Items from a data source:
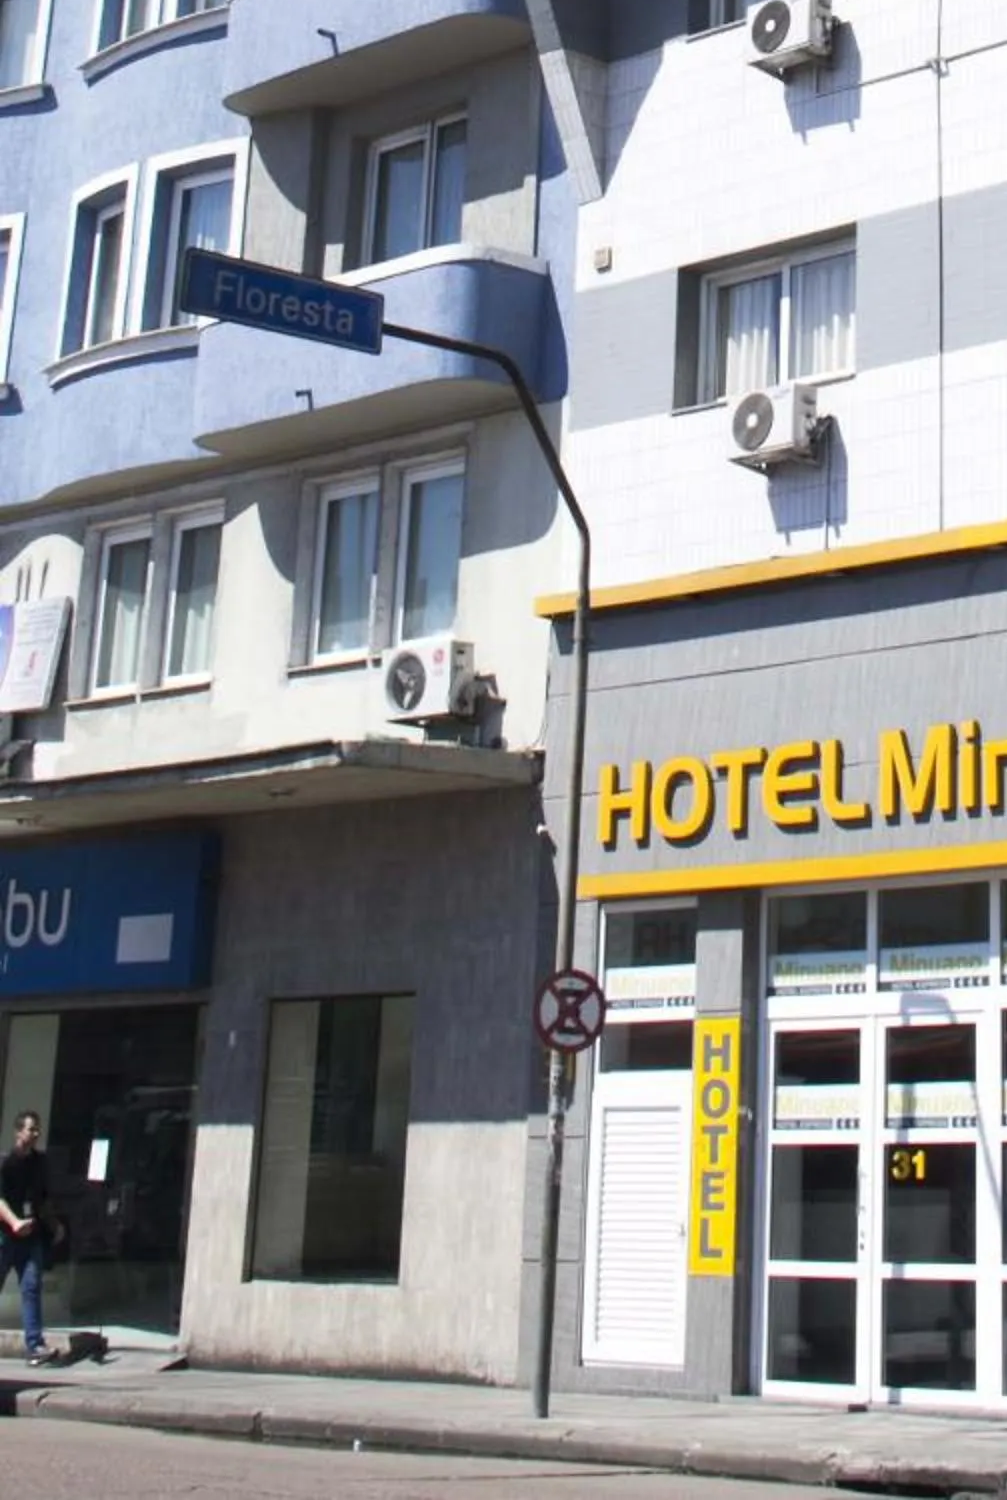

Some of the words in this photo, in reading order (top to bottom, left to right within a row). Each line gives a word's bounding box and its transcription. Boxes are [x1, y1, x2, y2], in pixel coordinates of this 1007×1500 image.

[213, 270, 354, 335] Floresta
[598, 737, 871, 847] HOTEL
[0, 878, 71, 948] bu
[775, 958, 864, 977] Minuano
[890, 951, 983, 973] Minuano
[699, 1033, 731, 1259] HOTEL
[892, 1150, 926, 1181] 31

TRY IT:
Pictures don't belong in the copy. Transcribe every record exactly as it appears.

ANSWER SPACE:
Some of the words in this photo, in reading order (top to bottom, left to right within a row). Each line gives a word's bounding box and its transcription. Boxes are [x1, y1, x2, y2], in pixel coordinates of this 1007×1500 image.

[213, 270, 354, 335] Floresta
[598, 737, 871, 847] HOTEL
[0, 878, 71, 948] bu
[775, 958, 864, 977] Minuano
[890, 951, 983, 973] Minuano
[699, 1033, 731, 1259] HOTEL
[892, 1150, 926, 1181] 31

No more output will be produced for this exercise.